I am trying to amalgamate two of my previous posts into one consistent theme. In my post titled May 22 2010(https://dhruvsharma.wordpress.com/2010/05/23/may-22-2010-2/), I had recounted on how I dont notice anything and other stuff.

Let us say that you are reading a book. What does the author want you to see? He wants you to see the environment and the setting. He tells you about the characters, their feelings and then he brings you to the conversation that is happening between the group of people.

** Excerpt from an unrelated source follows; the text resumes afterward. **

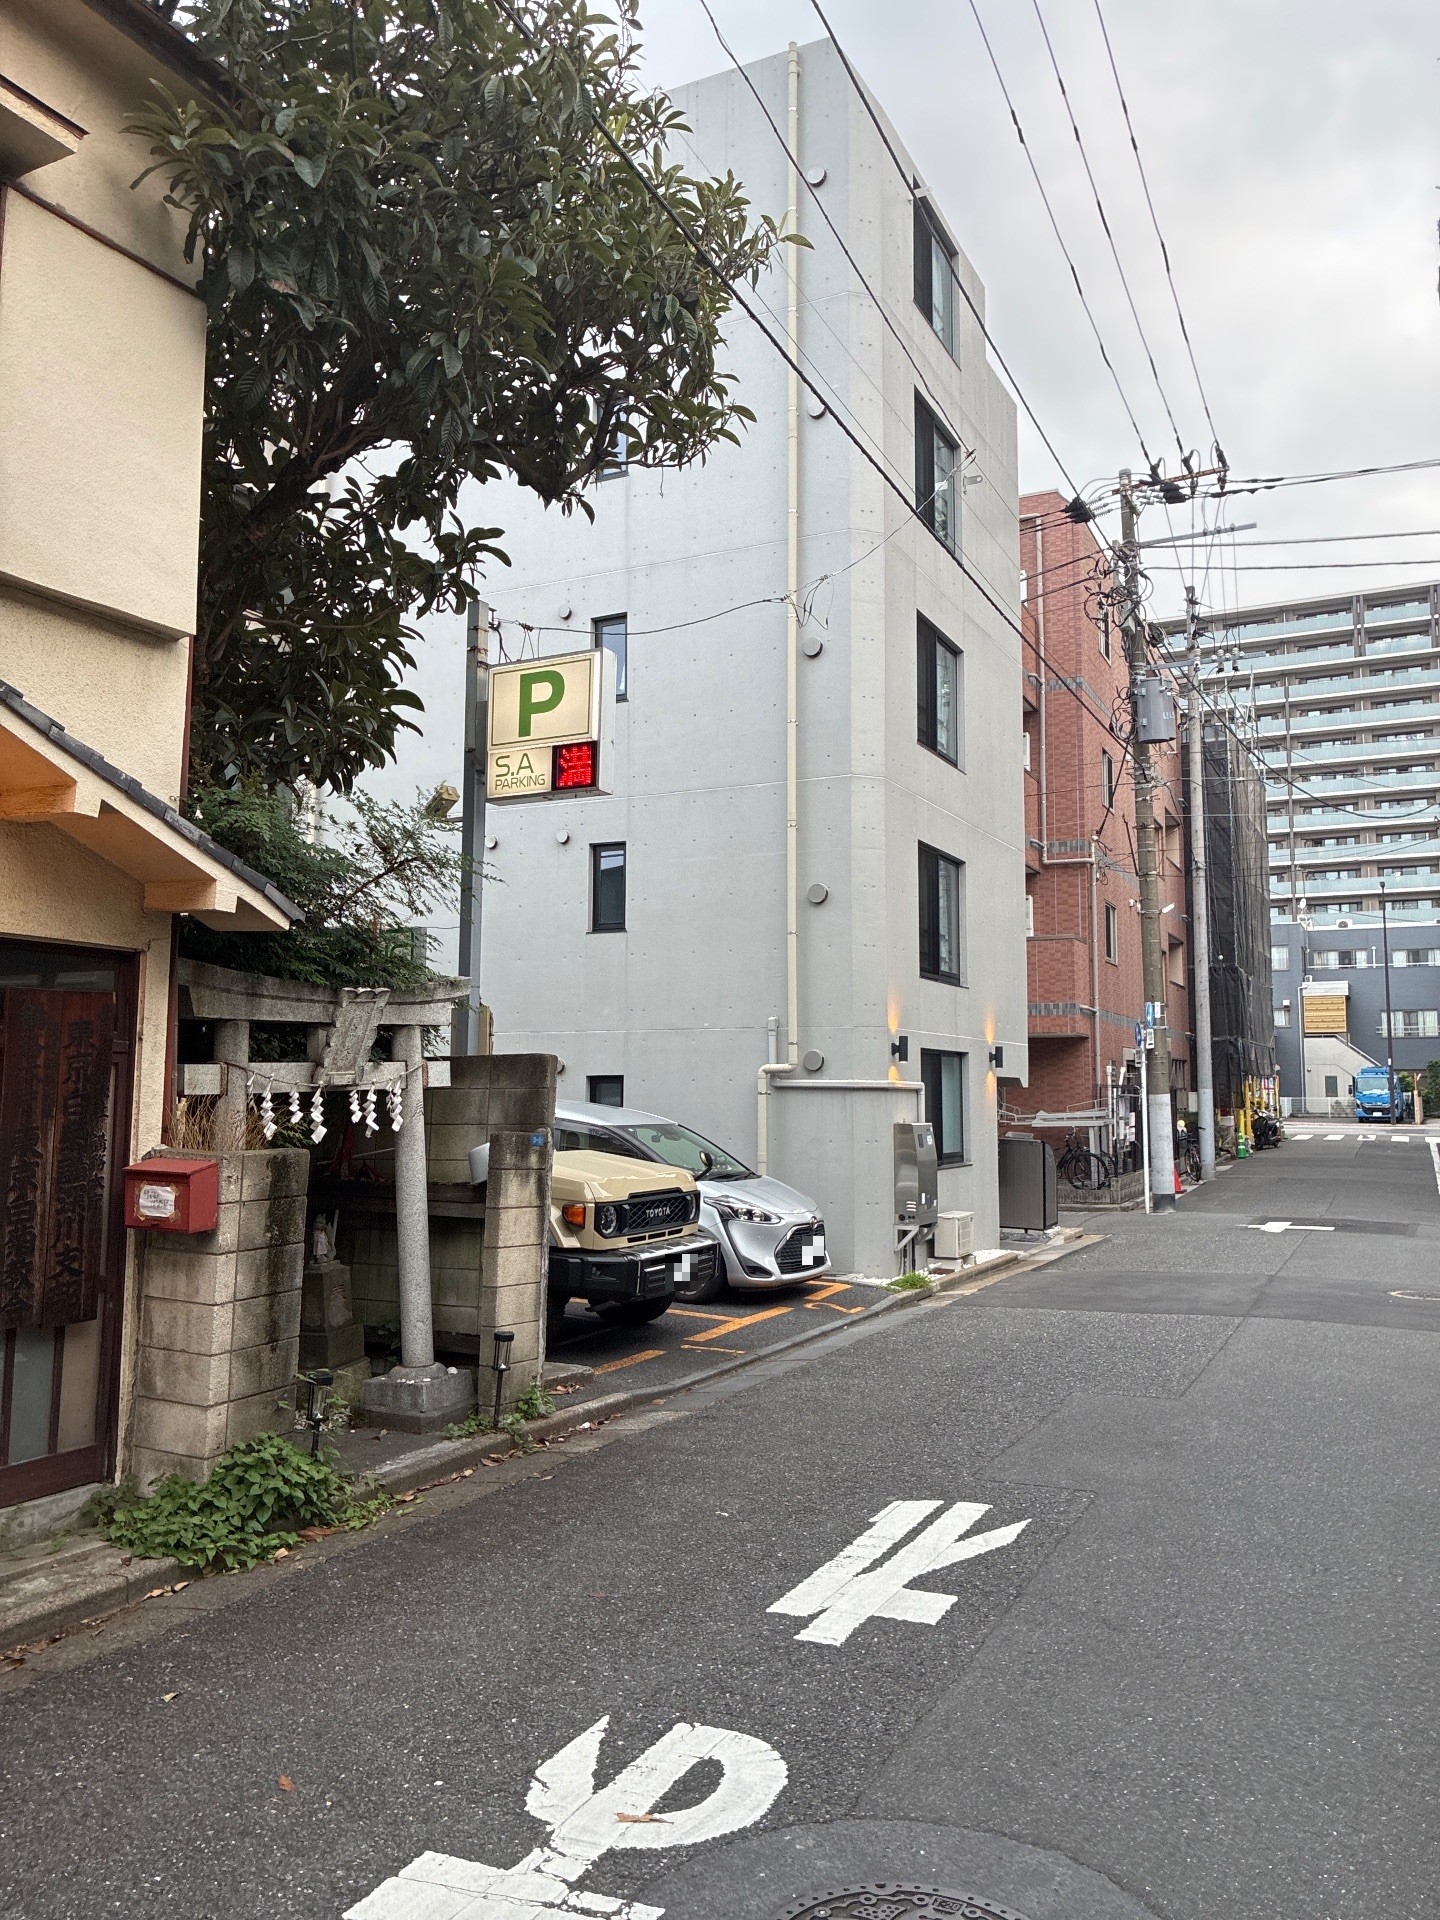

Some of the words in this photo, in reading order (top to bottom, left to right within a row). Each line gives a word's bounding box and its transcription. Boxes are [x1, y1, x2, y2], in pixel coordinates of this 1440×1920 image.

Another folly of mine is that whenever I read a book, I concentrate on the conversation. That’s why most of the time I end up reading the book twice or thrice. That is what I am trying to imply. The beauty of individualism that is so inherent even in the smallest of my actions. The fact is that I believe any book, of fiction atleast, is written with the sole aim of narrating a story. In that story, there are characters and their experiences. The fact is that the most important aspect according to me is the piece of conversation that is going on between the two. Whatever other input that the person is trying to give is important but not as important as the piece of conversation .

In my mind, whenever I recreate a scene or produce something new, the person comes first, then comes what he is trying to do. Only when I have decided on all those variables will I ever go on with the story or the poem or any other thing. To me the centre of the human community is the individual. The individual actions, his decisions and his emotions are what determine his life and his way in the world. The individual should not base his decisions on what the society thinks. He should base it on the simple aspects of what his right and what is wrong by his own accord, his own conscience.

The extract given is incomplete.